View Corridor Design: Preserving and Creating Views Through Building Placement and Windows
Examines how architects integrate view corridors into project design through strategic building placement, massing, fenestration decisions, and site planning, including the evaluation of trade-offs between views, energy performance, privacy, and contextual constraints.
Why View Corridors Shape Building Design From Day One
Views aren't decoration. They're a design driver that affects building placement, massing, fenestration ratios, and even structural systems. A view corridor is a deliberate visual axis, either preserved through careful siting or created by shaping openings and building volumes to frame specific vistas.
The tension is real: maximizing views can conflict with energy performance (more west-facing glass means more cooling load), with privacy requirements (a hospital patient room facing a neighboring building), and with zoning regulations that may mandate setbacks or height limits to protect existing view corridors for adjacent properties or public spaces.

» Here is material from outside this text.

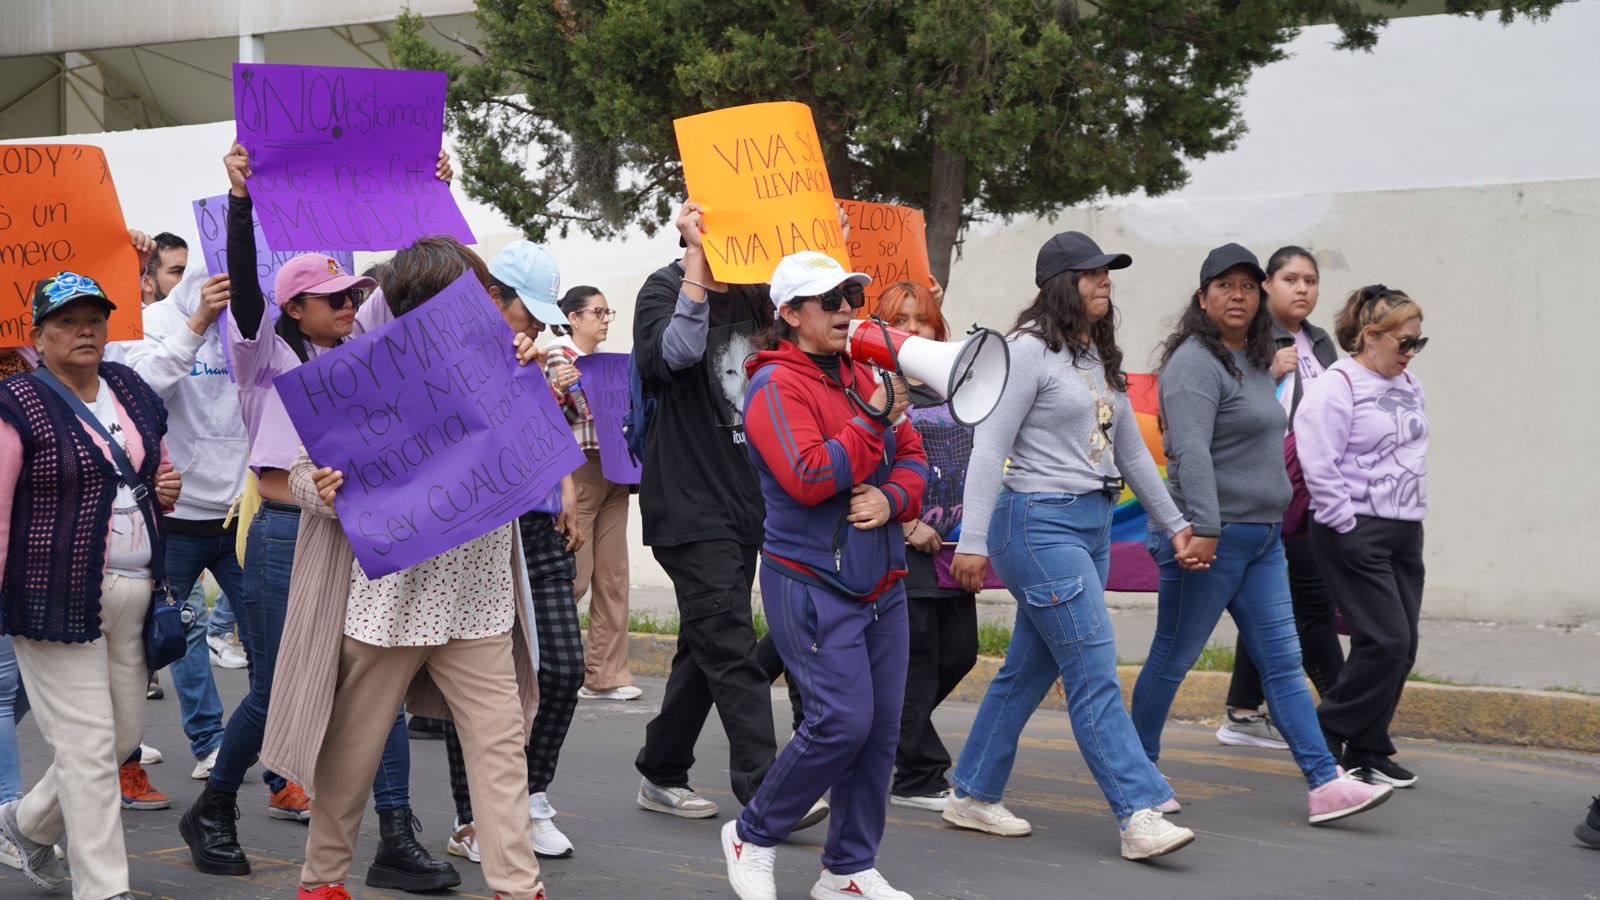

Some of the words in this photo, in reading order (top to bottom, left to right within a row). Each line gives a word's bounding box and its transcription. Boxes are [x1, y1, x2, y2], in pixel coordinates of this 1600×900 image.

Architects working under PPD Objective 4.4 must integrate these environmental and contextual conditions into the project design. That means evaluating trade-offs, not just identifying that views exist. Should you rotate the building 15 degrees to capture a mountain vista if it increases east-facing glazing by 40%? Should you step back upper floors to maintain a street-level view corridor for pedestrians? These are the kinds of decisions the ARE tests.
View corridor design sits at the intersection of site analysis (Section 1), energy codes (Section 2), fenestration systems (Section 3), and total project integration (Section 4). Getting it right means balancing competing demands rather than optimizing for any single factor.